* [TO DO]: A word-for-word restatement of every entry is what is needed here.

── STUDY MATERIAL

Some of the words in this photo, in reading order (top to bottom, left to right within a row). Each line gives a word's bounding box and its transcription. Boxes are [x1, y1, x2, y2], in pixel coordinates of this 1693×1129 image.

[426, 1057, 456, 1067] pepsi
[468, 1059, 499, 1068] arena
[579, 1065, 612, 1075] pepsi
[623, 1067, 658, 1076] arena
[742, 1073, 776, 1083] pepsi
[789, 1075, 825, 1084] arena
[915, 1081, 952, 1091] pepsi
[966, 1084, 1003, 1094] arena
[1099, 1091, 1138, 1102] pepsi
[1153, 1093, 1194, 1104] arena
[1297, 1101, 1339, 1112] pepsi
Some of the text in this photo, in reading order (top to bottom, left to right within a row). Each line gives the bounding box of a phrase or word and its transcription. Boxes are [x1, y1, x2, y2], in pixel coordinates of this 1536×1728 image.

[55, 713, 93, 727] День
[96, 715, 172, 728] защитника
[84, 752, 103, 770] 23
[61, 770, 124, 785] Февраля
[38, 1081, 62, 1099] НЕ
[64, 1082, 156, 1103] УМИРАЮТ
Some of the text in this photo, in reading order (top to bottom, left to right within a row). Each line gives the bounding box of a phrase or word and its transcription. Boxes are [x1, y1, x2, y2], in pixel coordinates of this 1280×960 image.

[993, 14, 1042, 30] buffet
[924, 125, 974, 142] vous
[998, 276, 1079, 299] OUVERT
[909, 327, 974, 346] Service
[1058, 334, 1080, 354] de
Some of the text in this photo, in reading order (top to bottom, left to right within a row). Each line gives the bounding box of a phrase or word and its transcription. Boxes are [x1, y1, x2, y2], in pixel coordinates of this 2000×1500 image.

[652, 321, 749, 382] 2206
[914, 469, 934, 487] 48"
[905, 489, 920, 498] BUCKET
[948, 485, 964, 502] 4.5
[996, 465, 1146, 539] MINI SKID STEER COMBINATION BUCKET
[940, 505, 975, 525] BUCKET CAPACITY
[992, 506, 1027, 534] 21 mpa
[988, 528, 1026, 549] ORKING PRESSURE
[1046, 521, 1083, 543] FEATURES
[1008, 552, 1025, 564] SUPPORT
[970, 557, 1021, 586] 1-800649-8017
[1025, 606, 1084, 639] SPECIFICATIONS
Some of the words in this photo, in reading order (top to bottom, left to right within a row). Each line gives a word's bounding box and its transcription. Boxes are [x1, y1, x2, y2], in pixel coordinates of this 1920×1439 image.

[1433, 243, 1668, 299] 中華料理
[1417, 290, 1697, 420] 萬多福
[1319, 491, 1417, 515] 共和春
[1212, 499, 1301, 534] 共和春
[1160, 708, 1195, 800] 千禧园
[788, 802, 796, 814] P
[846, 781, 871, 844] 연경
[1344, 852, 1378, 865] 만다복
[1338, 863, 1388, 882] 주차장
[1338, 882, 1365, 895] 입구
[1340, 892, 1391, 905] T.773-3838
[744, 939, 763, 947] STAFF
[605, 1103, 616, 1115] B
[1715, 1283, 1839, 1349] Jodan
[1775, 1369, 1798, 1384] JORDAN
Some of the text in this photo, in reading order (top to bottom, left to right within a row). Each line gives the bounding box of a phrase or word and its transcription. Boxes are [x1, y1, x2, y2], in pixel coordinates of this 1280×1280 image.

────

* [SOLVED EXERCISE]:
Some of the words in this photo, in reading order (top to bottom, left to right within a row). Each line gives a word's bounding box and its transcription. Boxes are [x1, y1, x2, y2], in pixel coordinates of this 1693×1129 image.

[426, 1057, 456, 1067] pepsi
[468, 1059, 499, 1068] arena
[579, 1065, 612, 1075] pepsi
[623, 1067, 658, 1076] arena
[742, 1073, 776, 1083] pepsi
[789, 1075, 825, 1084] arena
[915, 1081, 952, 1091] pepsi
[966, 1084, 1003, 1094] arena
[1099, 1091, 1138, 1102] pepsi
[1153, 1093, 1194, 1104] arena
[1297, 1101, 1339, 1112] pepsi
Some of the text in this photo, in reading order (top to bottom, left to right within a row). Each line gives the bounding box of a phrase or word and its transcription. Boxes are [x1, y1, x2, y2], in pixel coordinates of this 1536×1728 image.

[55, 713, 93, 727] День
[96, 715, 172, 728] защитника
[84, 752, 103, 770] 23
[61, 770, 124, 785] Февраля
[38, 1081, 62, 1099] НЕ
[64, 1082, 156, 1103] УМИРАЮТ
Some of the text in this photo, in reading order (top to bottom, left to right within a row). Each line gives the bounding box of a phrase or word and its transcription. Boxes are [x1, y1, x2, y2], in pixel coordinates of this 1280×960 image.

[993, 14, 1042, 30] buffet
[924, 125, 974, 142] vous
[998, 276, 1079, 299] OUVERT
[909, 327, 974, 346] Service
[1058, 334, 1080, 354] de
Some of the text in this photo, in reading order (top to bottom, left to right within a row). Each line gives the bounding box of a phrase or word and its transcription. Boxes are [x1, y1, x2, y2], in pixel coordinates of this 2000×1500 image.

[652, 321, 749, 382] 2206
[914, 469, 934, 487] 48"
[905, 489, 920, 498] BUCKET
[948, 485, 964, 502] 4.5
[996, 465, 1146, 539] MINI SKID STEER COMBINATION BUCKET
[940, 505, 975, 525] BUCKET CAPACITY
[992, 506, 1027, 534] 21 mpa
[988, 528, 1026, 549] ORKING PRESSURE
[1046, 521, 1083, 543] FEATURES
[1008, 552, 1025, 564] SUPPORT
[970, 557, 1021, 586] 1-800649-8017
[1025, 606, 1084, 639] SPECIFICATIONS
Some of the words in this photo, in reading order (top to bottom, left to right within a row). Each line gives a word's bounding box and its transcription. Boxes are [x1, y1, x2, y2], in pixel coordinates of this 1920×1439 image.

[1433, 243, 1668, 299] 中華料理
[1417, 290, 1697, 420] 萬多福
[1319, 491, 1417, 515] 共和春
[1212, 499, 1301, 534] 共和春
[1160, 708, 1195, 800] 千禧园
[788, 802, 796, 814] P
[846, 781, 871, 844] 연경
[1344, 852, 1378, 865] 만다복
[1338, 863, 1388, 882] 주차장
[1338, 882, 1365, 895] 입구
[1340, 892, 1391, 905] T.773-3838
[744, 939, 763, 947] STAFF
[605, 1103, 616, 1115] B
[1715, 1283, 1839, 1349] Jodan
[1775, 1369, 1798, 1384] JORDAN
Some of the text in this photo, in reading order (top to bottom, left to right within a row). Each line gives the bounding box of a phrase or word and its transcription. Boxes are [x1, y1, x2, y2], in pixel coordinates of this 1280×1280 image.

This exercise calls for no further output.